This blog is to share ideas and for me to write short stories. Enjoy!

Wednesday, December 5, 2012

Romance Novels

            Yeah, any guys who read this—beware! (It’d be really nice to know who my audience is wink, wink. But I guess the not knowing is kind of nice. I don’t have to worry about writing something uninteresting to you or offending you.) (and guys, you don't really need to beware. I just think that's the first thing that I guy would think when he hears the words "romance novel") I’m going to talk about the dreaded romance novels.

            In my mind, romance novels are somewhere between a woman’s best enemy and her worst friend. They are empowering and totally destructive. I guess it also depends on what kind of romance novel they are too… Mainly my experience with them have been the historical fiction ones (Harlequin Historical, maybe?). I’m definitely no expert on romance novels or feminism or how the romance genre affects women. I just know my experience and what I believe.

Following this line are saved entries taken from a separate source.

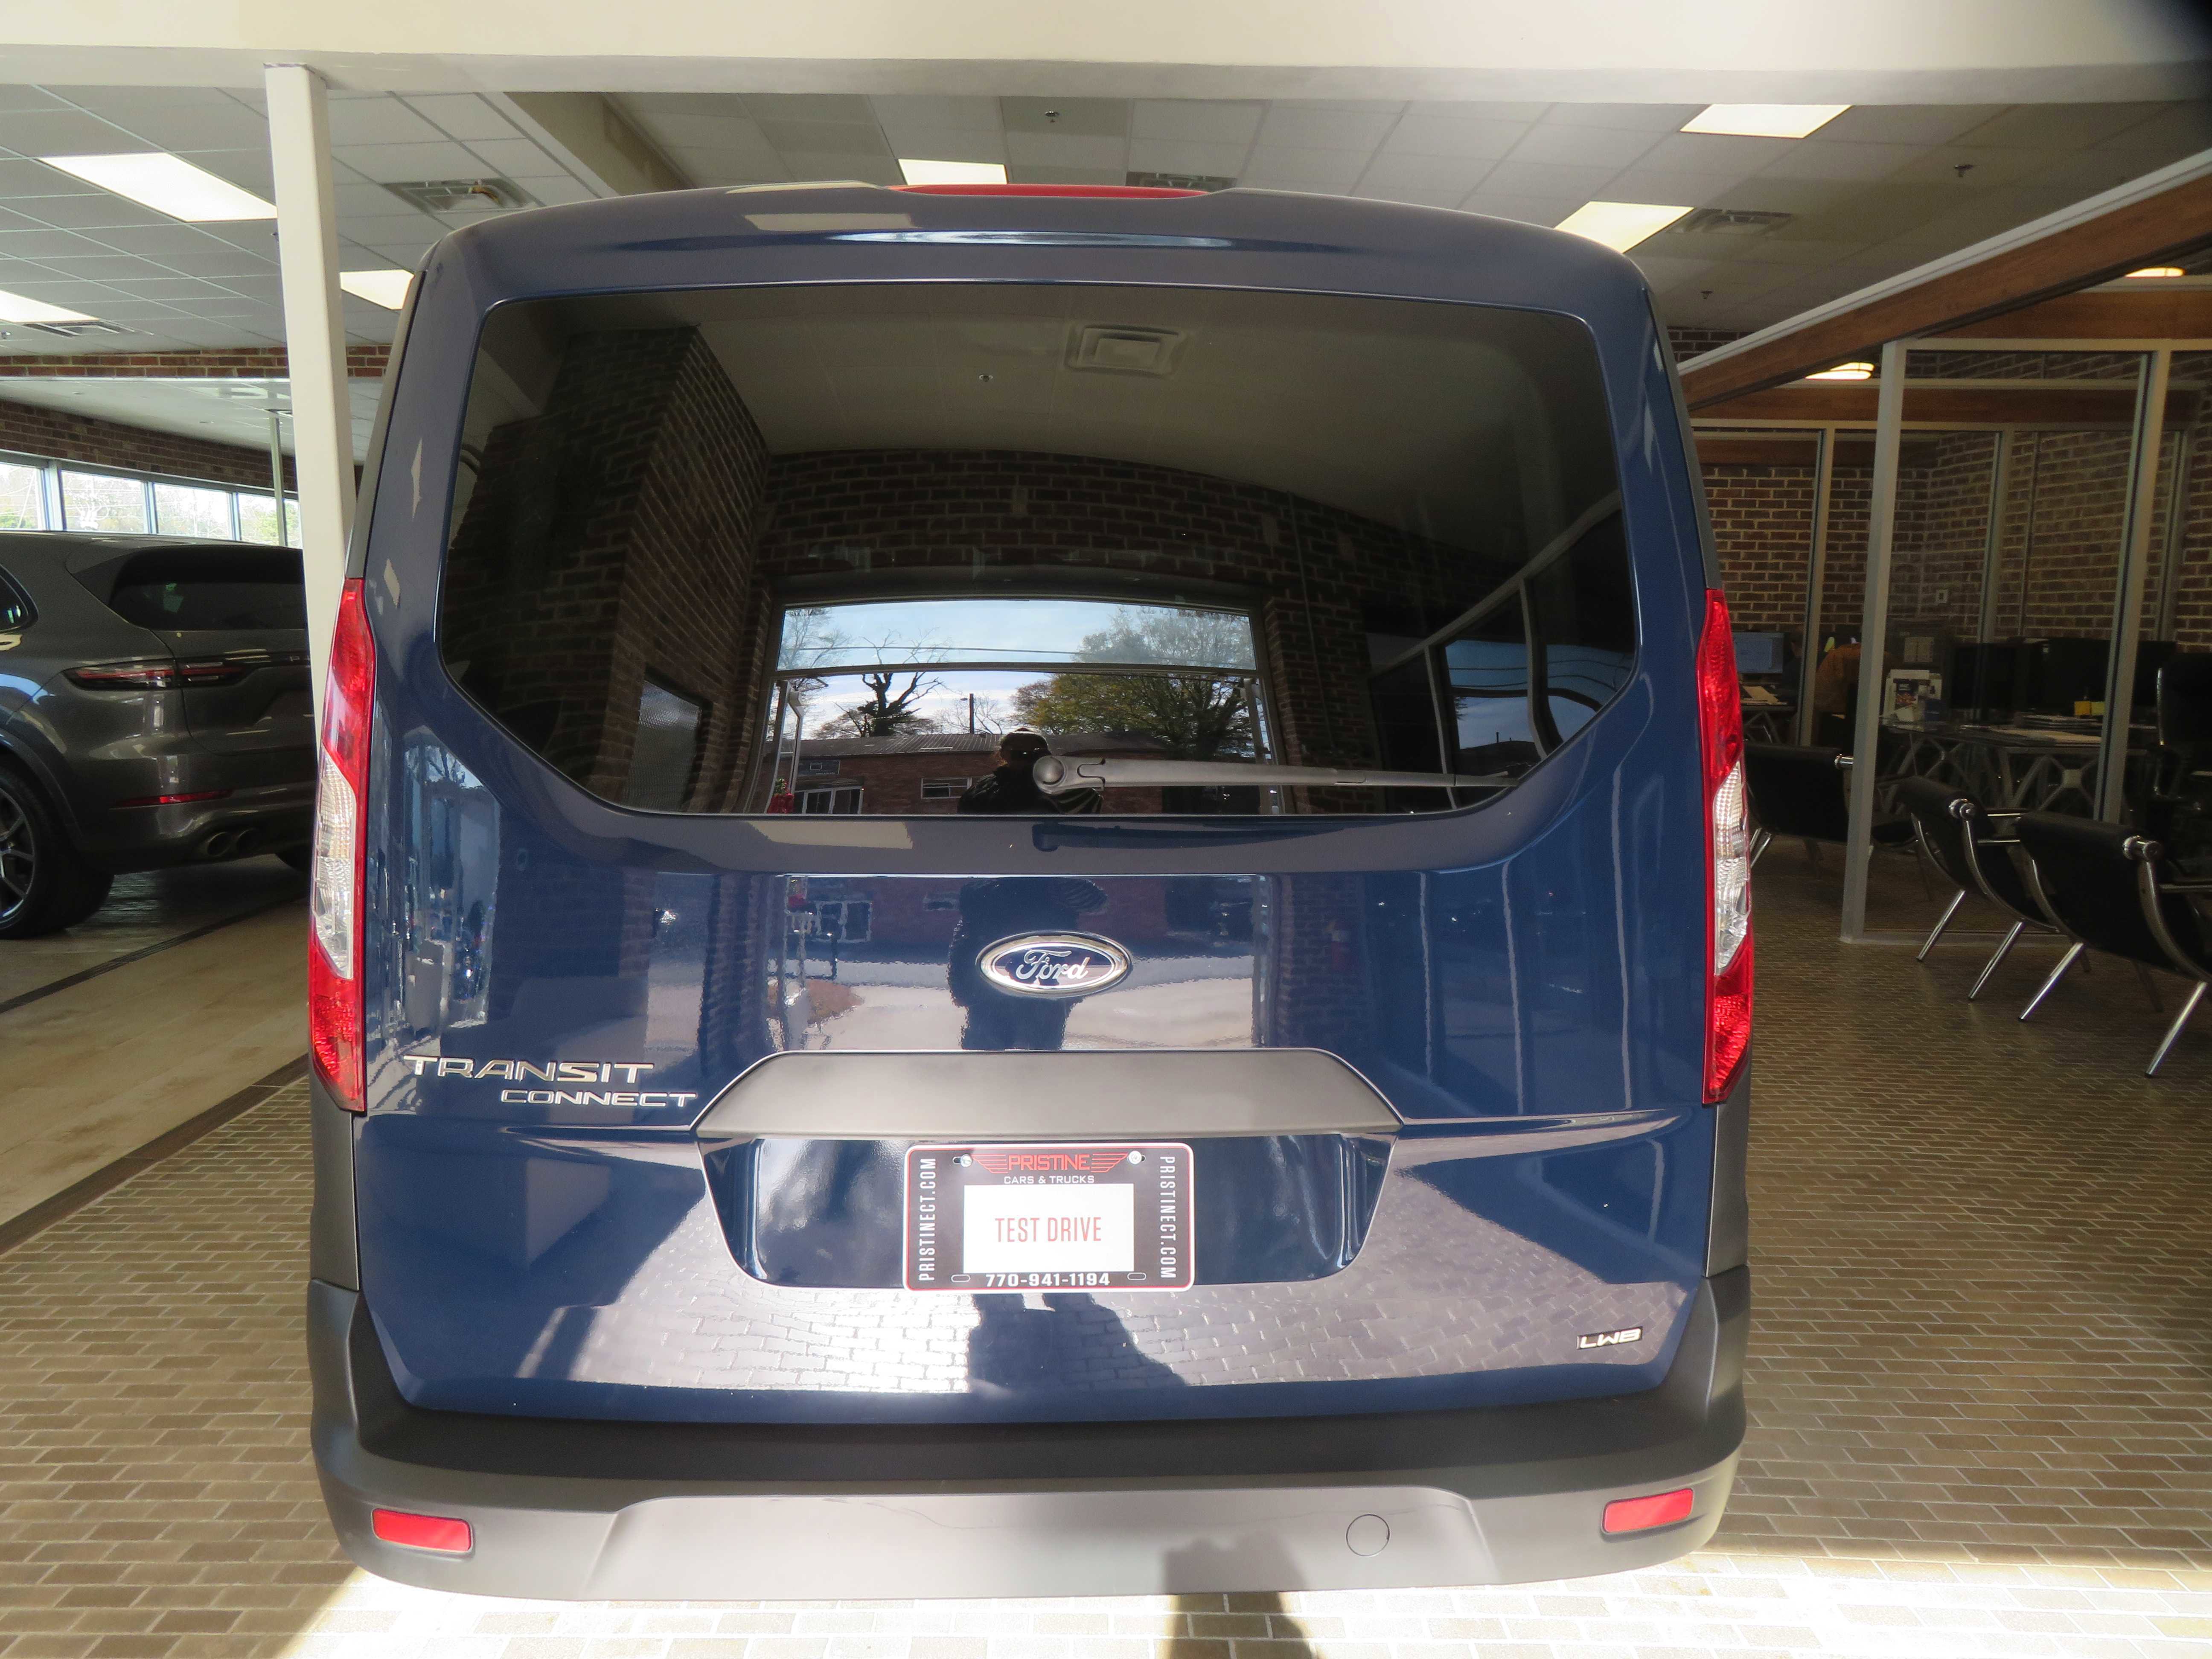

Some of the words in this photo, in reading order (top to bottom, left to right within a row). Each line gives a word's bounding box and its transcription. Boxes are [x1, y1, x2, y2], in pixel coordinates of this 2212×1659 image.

[1016, 949, 1091, 980] Ford
[403, 1055, 654, 1083] TRANSIT
[501, 1089, 697, 1107] CONNECT
[1008, 1154, 1090, 1171] PRISTINE
[1004, 1176, 1034, 1185] CARS
[1049, 1175, 1095, 1184] TRUCKS
[919, 1158, 936, 1281] PRISTINECT.COM
[1159, 1155, 1177, 1279] PRISTINECT.COM
[995, 1217, 1040, 1243] TEST
[1047, 1217, 1102, 1242] DRIVE
[985, 1272, 1110, 1287] 770-941-1194
[1580, 1327, 1642, 1349] LWB

            Romance novels give a reflection of truth while spinning total lies at the same time. Let’s look at Twilight. It is not only fantasy that vampires and werewolves exist, but the romance is a boat load of fantasy. Sorry, there’s no high school girl who is ready for that level of attraction. He fricken stalks her and watches her sleep without her knowing it! No, there is no romance in that. They are both obsessed, which does happen in high school. But there is a thick line between obsession and love. There is no “one and only”. There is no “forever and ever”. There is the one you love and there is the lifetime you have to spend with them (Oh, I believe in heaven, but I’m going to be a bit too amazed at the glory of God to care too much about who I married. I’m just going to want to worship forever!).

            Then there is the even more common mistake in romance novels between lust and love. Don’t get me wrong, I love that the two love each other’s bodies. That’s good and important. But when they’re jumping into bed before they know how they and/or the other person feels, that’s not healthy. And more often than not, right after the sex of night together, there’s a fight. Doubts boil over and the characters are starting to have regrets. Hmm, think those were preventable by an honest conversation? There’s always still some secret. Yes, let’s look at get naked and be intimate, but only physically. Emotionally, I’m going to stay fully dressed and aloof. That’s love, right?

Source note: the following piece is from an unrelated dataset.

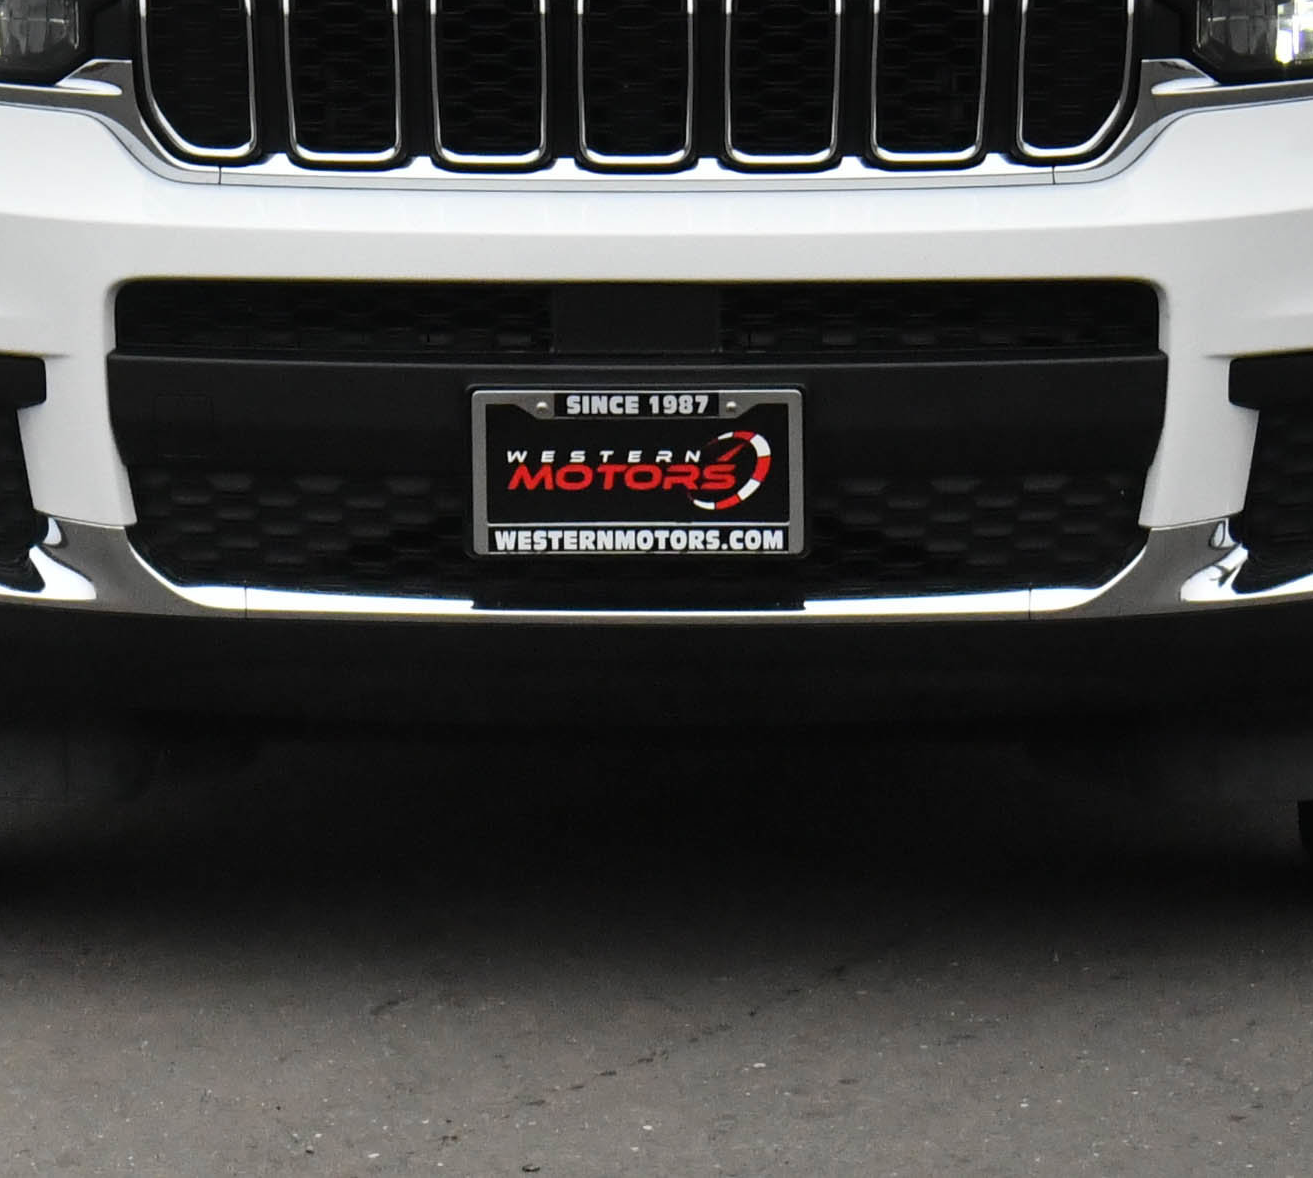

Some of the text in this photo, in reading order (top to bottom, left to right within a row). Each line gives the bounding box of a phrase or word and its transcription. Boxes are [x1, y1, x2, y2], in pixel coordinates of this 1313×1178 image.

            You want to know what’s totally seductive to me? Les Miserables. The Elderly are Made to go out When Convenient. Jean Valjean still has his arm in a sling (the end of the chapter). There is so much love and romance happening there. The first one is when Marius and Cosset finally get to talk because they have been admiring each other from a distance, in love since they first really saw each other. The first thing that comes out of Marius’s mouth? Ramblings. Then they sit in the garden and just talk about everything until “These two hearts poured themselves put to each other, so that at the end of an hour, it was the young man who had the girl’s soul and the girl who had the soul of the young man… When they had finished, when they had told each other everything, she laid her head on his shoulder, and asked him: ‘What is your name?’” I love that. What’s a name when you know everything about him because he told you it all and you shared yourself right back. They don’t know the first thing about romance, but why would they need to?

            The second chapter I mentioned, the last part is their wedding night. I don’t care how good of a love scene is in a bodice ripper novel, just give me some good old fashioned Hugo. I’d rather have angels, light, and joy than undressing and touching. I don’t need to know what happened behind closed doors, I just want to know that it was love and it was pure.